Bisogna tornare indietro nel tempo, in Sardegna, per trovare un processo di questo tipo. Siamo negli anni Sessanta a Oristano, e centinaia di pescatori di Cabras vengono indagati per rapina e altri reati gravi. Si trattava di una forzatura portata avanti da quegli stessi magistrati che ricevevano in regalo quintali di muggini e vivevano in affitto nelle fastose residenze dei padroni dello stagno, le presunte vittime della presunta rapina che era, in realtà, al massimo una pesca di frodo.
Un processo farsa, che non partirà mai, perché all’epoca a Oristano non c’era nemmeno un teatro dove poter ospitare i circa 300 pescatori indagati. Un processo interamente politico, smontato da un collegio di legali di cui fecero parte nomi del calibro di Umberto Terracina.
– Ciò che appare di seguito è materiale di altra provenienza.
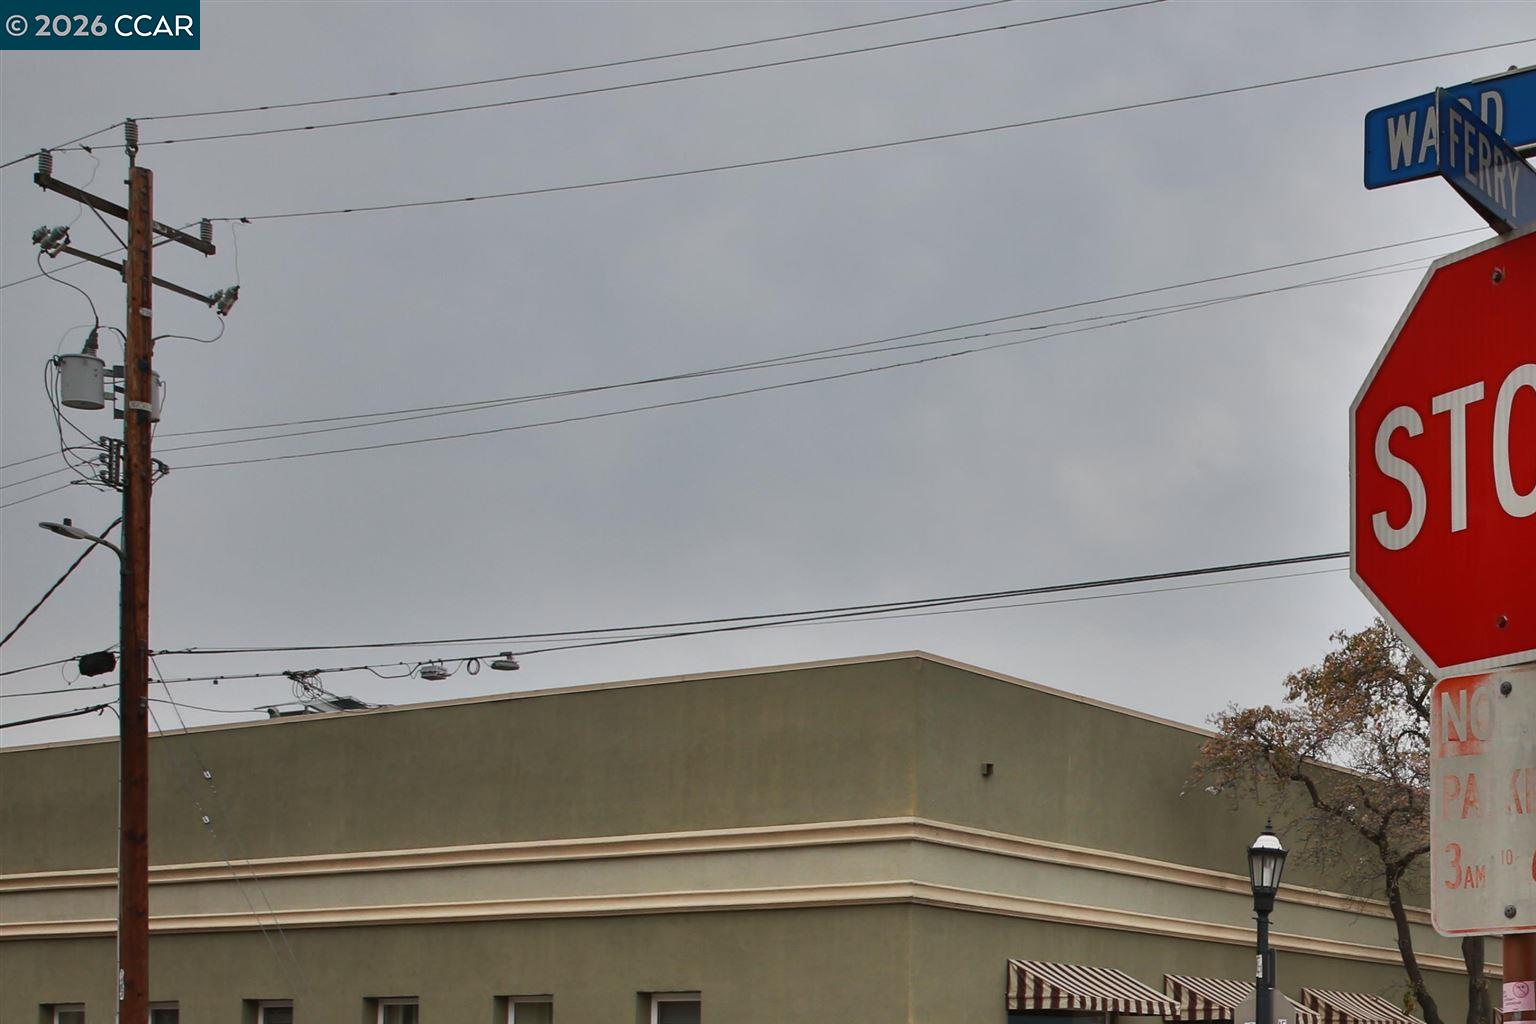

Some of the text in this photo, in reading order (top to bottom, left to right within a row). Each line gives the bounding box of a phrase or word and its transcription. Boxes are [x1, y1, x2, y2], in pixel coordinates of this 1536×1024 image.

[1387, 90, 1504, 171] WAD
[1449, 107, 1520, 218] FERRY
[1441, 686, 1495, 743] NO
E i parallelismi sono tanti, con quanto è successo ieri a Cagliari.
Obiettivo di quel processo era criminalizzare e soffocare il nascente movimento dei pescatori liberi, che dopo 30 anni di lotte, scioperi, arresti e persino morti, riuscirà nell’intento di sottrarre lo stagno di Cabras ai suoi padroni feudali e trasformarlo in un bene pubblico. Obiettivo del procedimento legato all’operazione Lince è quello di criminalizzare il movimento sardo contro l’occupazione militare che, tra alti e bassi certamente, gode da decenni di un consenso significativo in seno al popolo sardo.
Oggi come allora le accuse sono slegate dalla realtà e mescolate insieme in un minestrone difficile da digerire anche per gli stomaci più pelosi. «Questi vogliono fare la rivoluzione!» ha detto più o meno l’accusa nella sua requisitoria, durante la quale ha chiesto il rinvio a giudizio di tutte e tutti gli indagati. È un peccato che il processo non sia stato trasmesso in diretta da qualche parte: chi lo avesse seguito si sarebbe reso conto dei suoi caratteri assurdi.
Allora ci furono verbali falsi e un sistema di connivenze all’interno della Oristano bene che vedeva dalla stessa parte della barricata magistrati, carabinieri e padroni dello stagno. Anche oggi l’accusa e le presunte parti lese fanno parte della stessa consorteria: lo Stato. Quello Stato che è il responsabile dell’occupazione militare della Sardegna, quella stessa Procura che chiede l’archiviazione per i cinque generali indagati per il disastro ambientale del poligono di Teulada e della sua penisola Delta.
Ieri il processo vedeva sul banco degli imputati la possibilità di svolgere una legittima attività politica di opposizione all’occupazione militare della nostra terra. Gli imputati e le imputate non sono solo 45, ma sono migliaia se non di più. Alla sbarra c’erano i diecimila di Capo Frasca de 2014, le migliaia scese in piazza negli anni successivi, tutte e tutti quelli che manifesteranno da ora in avanti.
A chiedere la condanna di un intero movimento ci si è messo il vertice stesso dello Stato, con la Presidenza del Consiglio dei Ministri che si è costituita parte civile ed è pronta a chiedere un cospicuo risarcimento alle 45 indagate e indagati. La goccia di veleno ben custodita nella coda di questo governo Conte bis, che non si differenzia in nulla dai suoi predecessori per quel che riguarda l’occupazione militare della Sardegna come non saranno diversi i suoi successori.
L’udienza è stata aggiornata al 15 aprile, quando ascolteremo le parole della difesa contro la richiesta di rinvio a giudizio. Ma la battaglia non la si vincerà solo dentro l’aula della Corte d’Assise di Cagliari. È un processo politico, e politica dovrà essere la risposta.
Ci vedremo sicuramente il 15 aprile per una nuova manifestazione, contro la repressione e contro l’occupazione militare della Sardegna.